## Extracted data:
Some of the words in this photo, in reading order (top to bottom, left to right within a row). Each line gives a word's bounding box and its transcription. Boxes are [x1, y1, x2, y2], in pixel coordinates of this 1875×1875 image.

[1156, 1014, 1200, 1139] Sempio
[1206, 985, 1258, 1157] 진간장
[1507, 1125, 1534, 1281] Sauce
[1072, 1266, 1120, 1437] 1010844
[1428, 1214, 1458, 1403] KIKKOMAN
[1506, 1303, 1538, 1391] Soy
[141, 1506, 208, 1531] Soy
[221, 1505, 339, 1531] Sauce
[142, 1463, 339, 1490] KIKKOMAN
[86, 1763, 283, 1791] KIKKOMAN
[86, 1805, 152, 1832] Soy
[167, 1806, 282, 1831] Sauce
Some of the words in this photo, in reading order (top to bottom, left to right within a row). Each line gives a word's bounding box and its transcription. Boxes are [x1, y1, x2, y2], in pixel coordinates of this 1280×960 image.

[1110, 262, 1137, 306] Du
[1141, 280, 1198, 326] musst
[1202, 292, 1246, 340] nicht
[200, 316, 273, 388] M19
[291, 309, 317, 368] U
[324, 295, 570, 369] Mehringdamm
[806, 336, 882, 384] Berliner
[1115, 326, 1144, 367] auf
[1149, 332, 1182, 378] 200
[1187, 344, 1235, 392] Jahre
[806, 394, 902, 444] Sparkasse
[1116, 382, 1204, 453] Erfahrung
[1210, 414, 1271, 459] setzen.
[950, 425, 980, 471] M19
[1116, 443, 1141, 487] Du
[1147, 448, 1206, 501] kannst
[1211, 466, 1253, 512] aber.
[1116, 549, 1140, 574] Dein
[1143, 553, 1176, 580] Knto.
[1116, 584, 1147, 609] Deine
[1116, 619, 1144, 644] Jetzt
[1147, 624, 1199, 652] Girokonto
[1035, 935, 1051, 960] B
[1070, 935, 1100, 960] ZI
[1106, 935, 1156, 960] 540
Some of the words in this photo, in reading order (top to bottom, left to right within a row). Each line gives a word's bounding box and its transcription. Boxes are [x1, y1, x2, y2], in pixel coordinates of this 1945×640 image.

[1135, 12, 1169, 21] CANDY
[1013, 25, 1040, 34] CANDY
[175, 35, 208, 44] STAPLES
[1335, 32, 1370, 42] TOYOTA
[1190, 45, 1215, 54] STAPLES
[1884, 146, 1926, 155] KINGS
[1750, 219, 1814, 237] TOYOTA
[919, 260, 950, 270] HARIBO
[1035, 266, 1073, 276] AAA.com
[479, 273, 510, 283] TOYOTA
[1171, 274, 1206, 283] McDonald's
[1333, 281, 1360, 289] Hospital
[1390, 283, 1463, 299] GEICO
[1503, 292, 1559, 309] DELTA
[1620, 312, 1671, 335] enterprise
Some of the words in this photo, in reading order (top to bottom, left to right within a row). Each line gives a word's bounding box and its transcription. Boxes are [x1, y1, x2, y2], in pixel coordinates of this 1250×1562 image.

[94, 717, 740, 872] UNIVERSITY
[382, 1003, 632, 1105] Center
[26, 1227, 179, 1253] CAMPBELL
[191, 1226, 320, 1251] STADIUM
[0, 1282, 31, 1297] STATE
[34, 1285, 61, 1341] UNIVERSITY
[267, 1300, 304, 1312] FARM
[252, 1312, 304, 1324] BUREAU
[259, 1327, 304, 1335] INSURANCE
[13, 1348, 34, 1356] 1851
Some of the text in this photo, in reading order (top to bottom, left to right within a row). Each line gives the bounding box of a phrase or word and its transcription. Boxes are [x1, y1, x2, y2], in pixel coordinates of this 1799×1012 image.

## Exercise brief:
Please output every record exactly as it appears.

## Task answer:
Some of the words in this photo, in reading order (top to bottom, left to right within a row). Each line gives a word's bounding box and its transcription. Boxes are [x1, y1, x2, y2], in pixel coordinates of this 1875×1875 image.

[1156, 1014, 1200, 1139] Sempio
[1206, 985, 1258, 1157] 진간장
[1507, 1125, 1534, 1281] Sauce
[1072, 1266, 1120, 1437] 1010844
[1428, 1214, 1458, 1403] KIKKOMAN
[1506, 1303, 1538, 1391] Soy
[141, 1506, 208, 1531] Soy
[221, 1505, 339, 1531] Sauce
[142, 1463, 339, 1490] KIKKOMAN
[86, 1763, 283, 1791] KIKKOMAN
[86, 1805, 152, 1832] Soy
[167, 1806, 282, 1831] Sauce
Some of the words in this photo, in reading order (top to bottom, left to right within a row). Each line gives a word's bounding box and its transcription. Boxes are [x1, y1, x2, y2], in pixel coordinates of this 1280×960 image.

[1110, 262, 1137, 306] Du
[1141, 280, 1198, 326] musst
[1202, 292, 1246, 340] nicht
[200, 316, 273, 388] M19
[291, 309, 317, 368] U
[324, 295, 570, 369] Mehringdamm
[806, 336, 882, 384] Berliner
[1115, 326, 1144, 367] auf
[1149, 332, 1182, 378] 200
[1187, 344, 1235, 392] Jahre
[806, 394, 902, 444] Sparkasse
[1116, 382, 1204, 453] Erfahrung
[1210, 414, 1271, 459] setzen.
[950, 425, 980, 471] M19
[1116, 443, 1141, 487] Du
[1147, 448, 1206, 501] kannst
[1211, 466, 1253, 512] aber.
[1116, 549, 1140, 574] Dein
[1143, 553, 1176, 580] Knto.
[1116, 584, 1147, 609] Deine
[1116, 619, 1144, 644] Jetzt
[1147, 624, 1199, 652] Girokonto
[1035, 935, 1051, 960] B
[1070, 935, 1100, 960] ZI
[1106, 935, 1156, 960] 540
Some of the words in this photo, in reading order (top to bottom, left to right within a row). Each line gives a word's bounding box and its transcription. Boxes are [x1, y1, x2, y2], in pixel coordinates of this 1945×640 image.

[1135, 12, 1169, 21] CANDY
[1013, 25, 1040, 34] CANDY
[175, 35, 208, 44] STAPLES
[1335, 32, 1370, 42] TOYOTA
[1190, 45, 1215, 54] STAPLES
[1884, 146, 1926, 155] KINGS
[1750, 219, 1814, 237] TOYOTA
[919, 260, 950, 270] HARIBO
[1035, 266, 1073, 276] AAA.com
[479, 273, 510, 283] TOYOTA
[1171, 274, 1206, 283] McDonald's
[1333, 281, 1360, 289] Hospital
[1390, 283, 1463, 299] GEICO
[1503, 292, 1559, 309] DELTA
[1620, 312, 1671, 335] enterprise
Some of the words in this photo, in reading order (top to bottom, left to right within a row). Each line gives a word's bounding box and its transcription. Boxes are [x1, y1, x2, y2], in pixel coordinates of this 1250×1562 image.

[94, 717, 740, 872] UNIVERSITY
[382, 1003, 632, 1105] Center
[26, 1227, 179, 1253] CAMPBELL
[191, 1226, 320, 1251] STADIUM
[0, 1282, 31, 1297] STATE
[34, 1285, 61, 1341] UNIVERSITY
[267, 1300, 304, 1312] FARM
[252, 1312, 304, 1324] BUREAU
[259, 1327, 304, 1335] INSURANCE
[13, 1348, 34, 1356] 1851
Some of the text in this photo, in reading order (top to bottom, left to right within a row). Each line gives the bounding box of a phrase or word and its transcription. Boxes are [x1, y1, x2, y2], in pixel coordinates of this 1799×1012 image.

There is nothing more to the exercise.